> [Task description]: Once the pictures are set aside, print the records that follow exactly as written.

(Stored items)
##############################

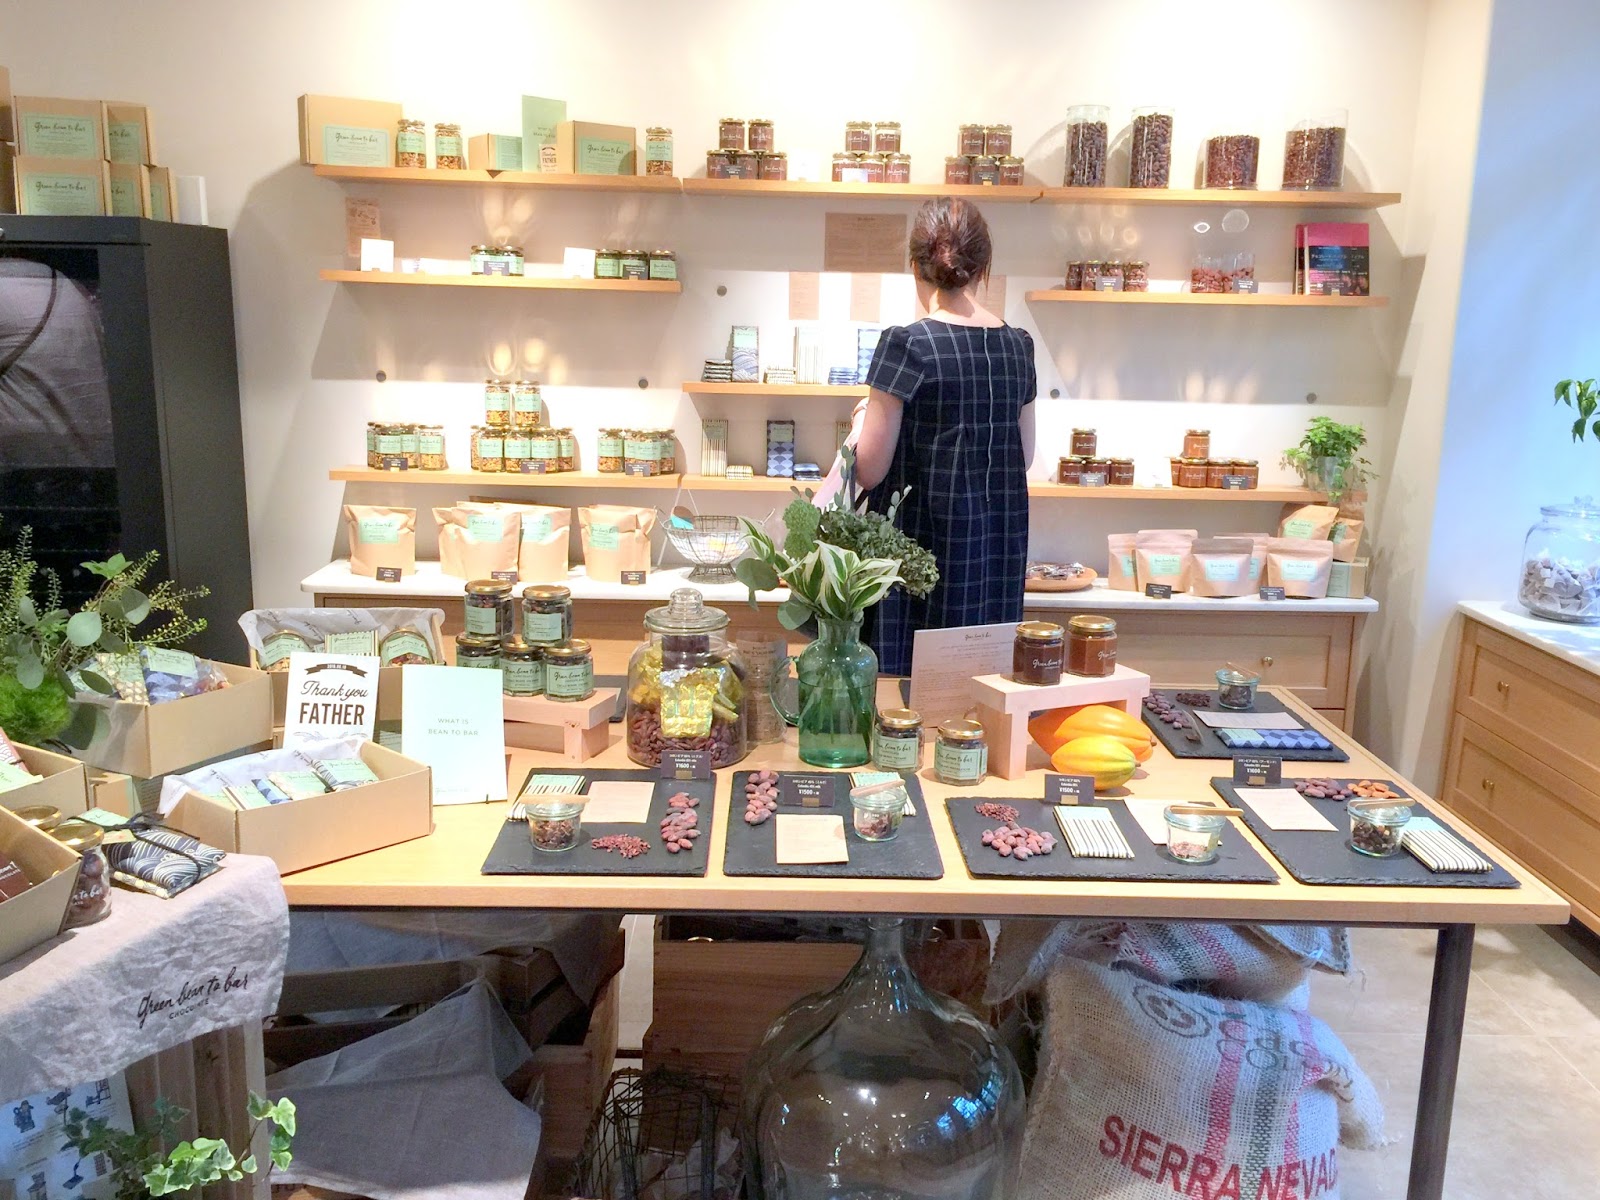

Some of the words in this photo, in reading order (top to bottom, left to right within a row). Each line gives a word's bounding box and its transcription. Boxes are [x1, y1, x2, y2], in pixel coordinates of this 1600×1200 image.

[301, 680, 344, 697] Thank
[340, 688, 368, 701] you
[299, 702, 365, 725] FATHER
[208, 976, 220, 994] to
[224, 966, 248, 992] bar
[1100, 1114, 1240, 1200] SIERRA
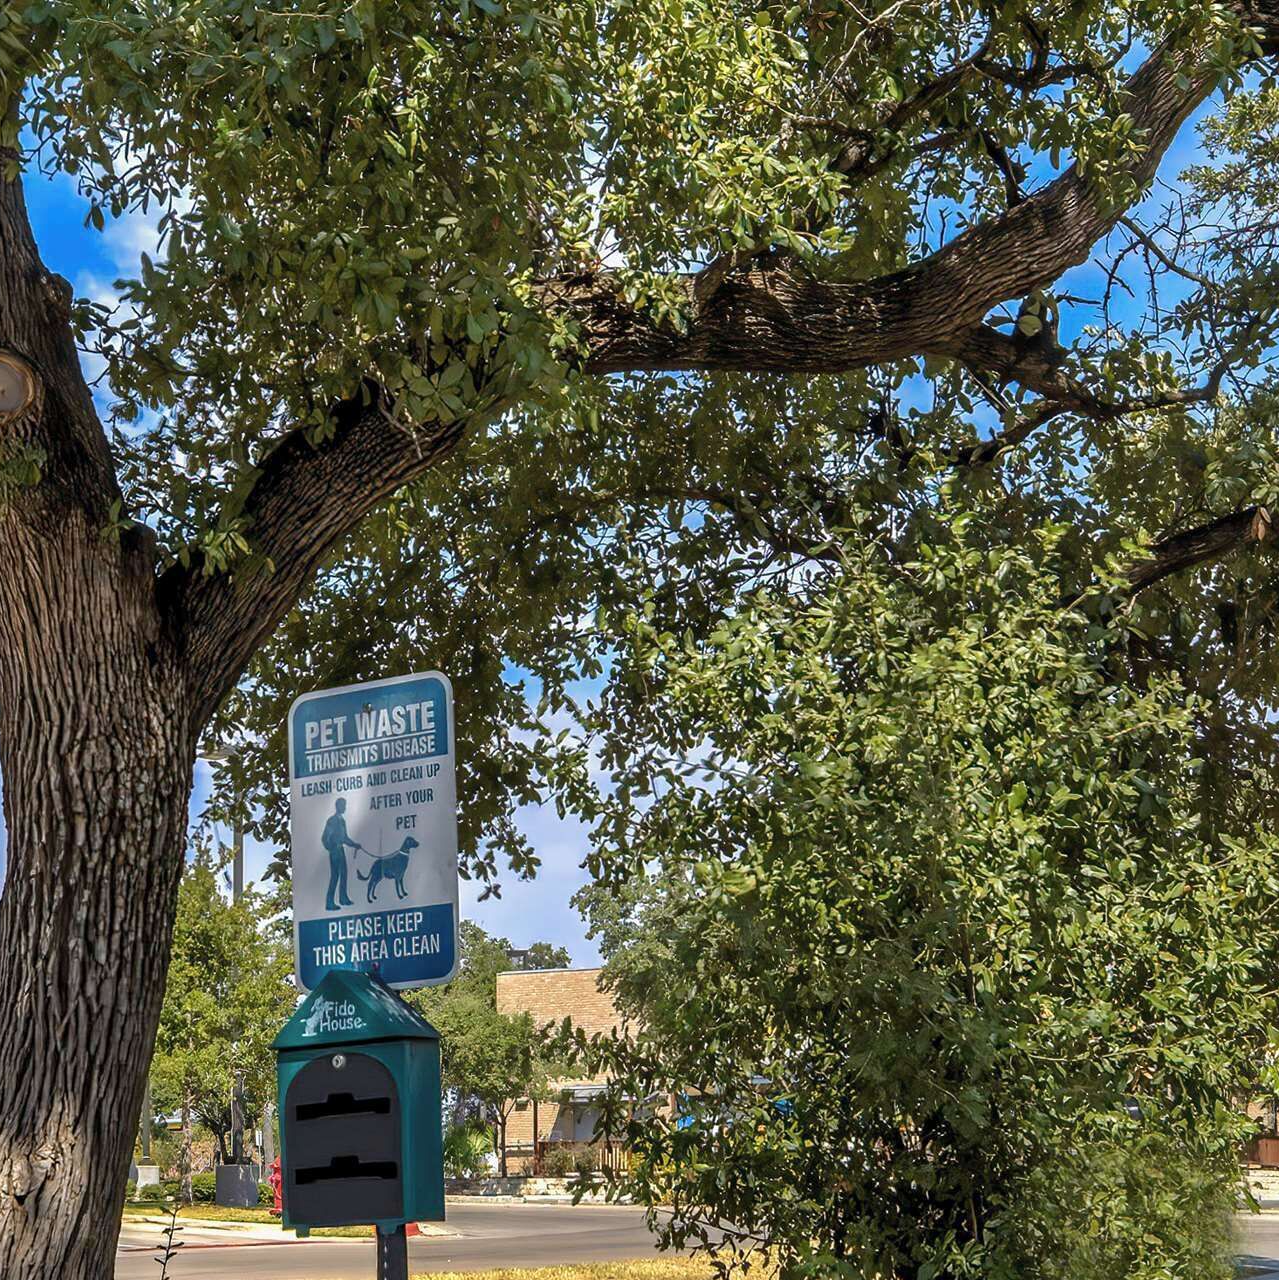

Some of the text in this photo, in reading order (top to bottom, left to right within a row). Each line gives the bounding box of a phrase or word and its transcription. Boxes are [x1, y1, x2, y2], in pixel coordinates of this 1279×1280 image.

[305, 700, 435, 750] PET WASTE
[306, 734, 436, 773] TRANSMITS DISEASE
[301, 763, 441, 797] LEASH CURB AND CLEAN UP
[370, 788, 434, 810] AFTER YOUR
[395, 814, 417, 830] PET
[328, 911, 424, 941] PLEASE KEEP
[312, 933, 440, 967] THIS AREA CLEAN
[325, 999, 356, 1018] Fido
[320, 1016, 363, 1033] House
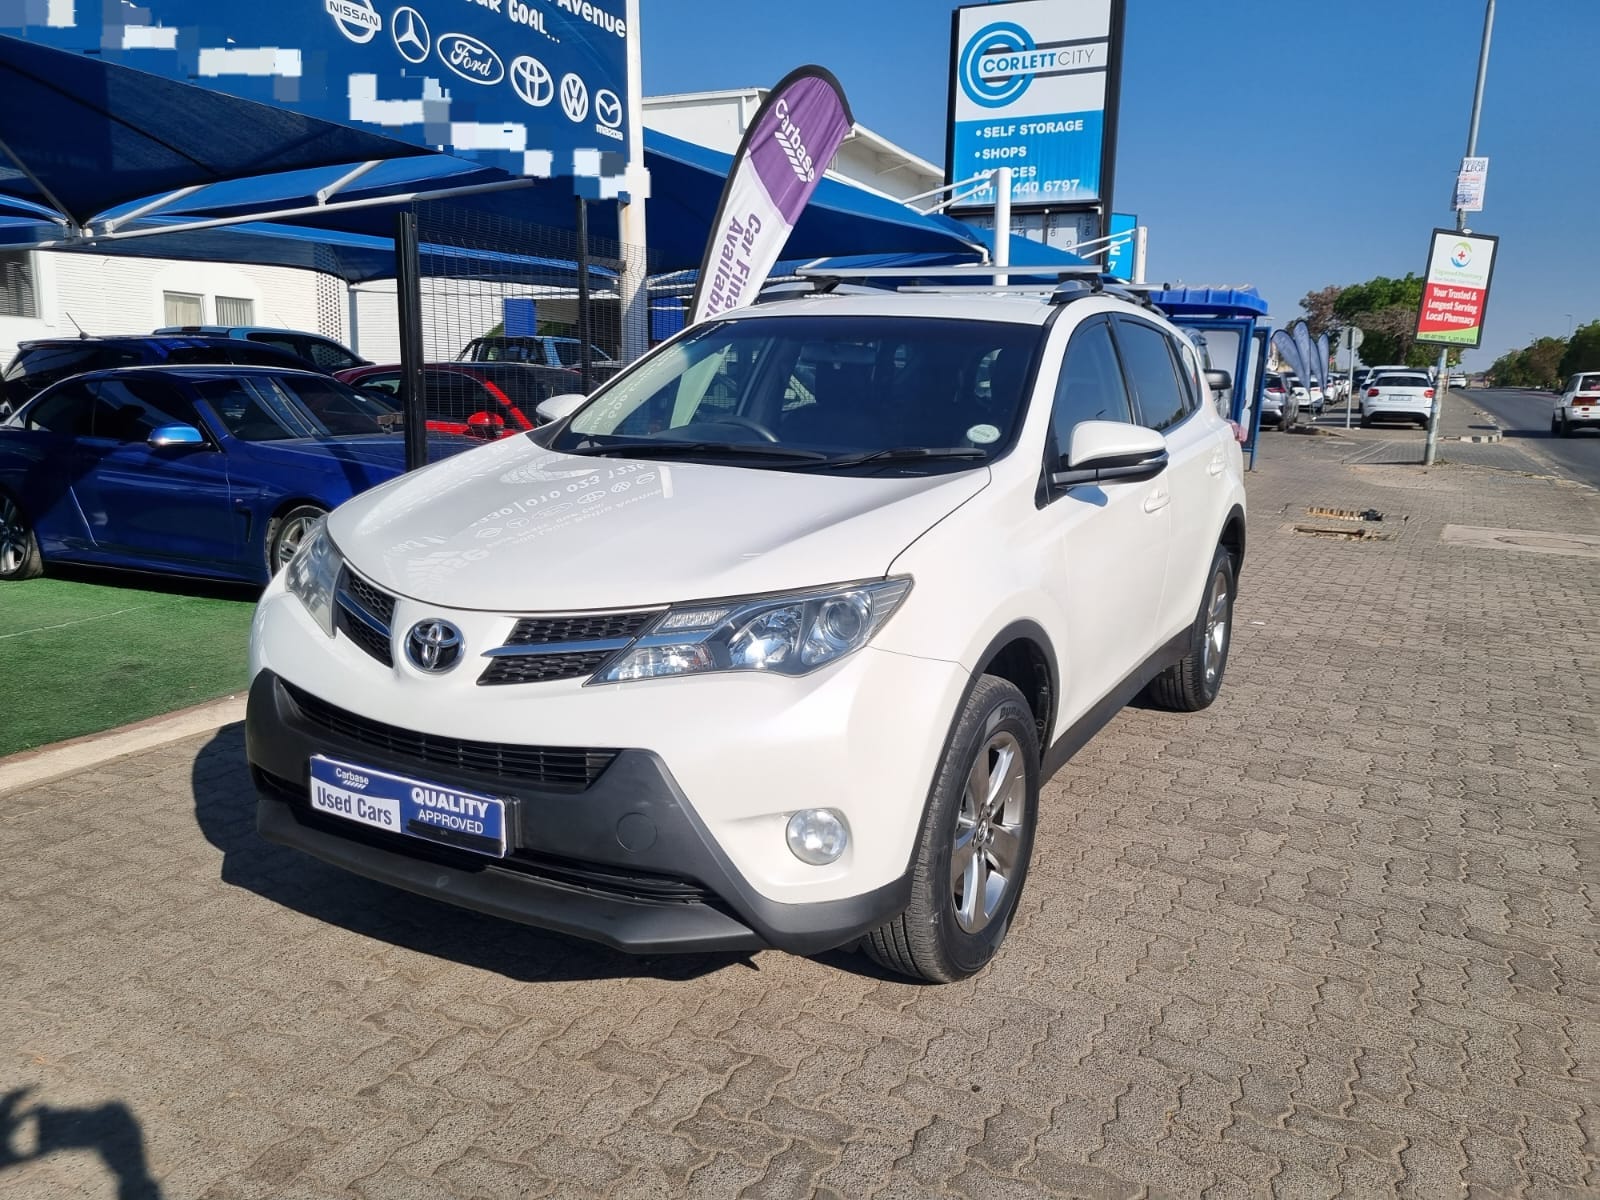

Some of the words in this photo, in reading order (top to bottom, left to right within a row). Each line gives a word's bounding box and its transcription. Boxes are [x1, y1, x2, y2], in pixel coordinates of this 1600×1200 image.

##############################

> [Result for this task]:
Some of the words in this photo, in reading order (top to bottom, left to right within a row). Each line gives a word's bounding box and its transcription. Boxes are [x1, y1, x2, y2], in pixel coordinates of this 1600×1200 image.

[301, 680, 344, 697] Thank
[340, 688, 368, 701] you
[299, 702, 365, 725] FATHER
[208, 976, 220, 994] to
[224, 966, 248, 992] bar
[1100, 1114, 1240, 1200] SIERRA

Some of the text in this photo, in reading order (top to bottom, left to right within a row). Each line gives the bounding box of a phrase or word and its transcription. Boxes are [x1, y1, x2, y2], in pixel coordinates of this 1279×1280 image.

[305, 700, 435, 750] PET WASTE
[306, 734, 436, 773] TRANSMITS DISEASE
[301, 763, 441, 797] LEASH CURB AND CLEAN UP
[370, 788, 434, 810] AFTER YOUR
[395, 814, 417, 830] PET
[328, 911, 424, 941] PLEASE KEEP
[312, 933, 440, 967] THIS AREA CLEAN
[325, 999, 356, 1018] Fido
[320, 1016, 363, 1033] House

Some of the words in this photo, in reading order (top to bottom, left to right within a row). Each line gives a word's bounding box and its transcription. Boxes are [x1, y1, x2, y2], in pixel coordinates of this 1600×1200 image.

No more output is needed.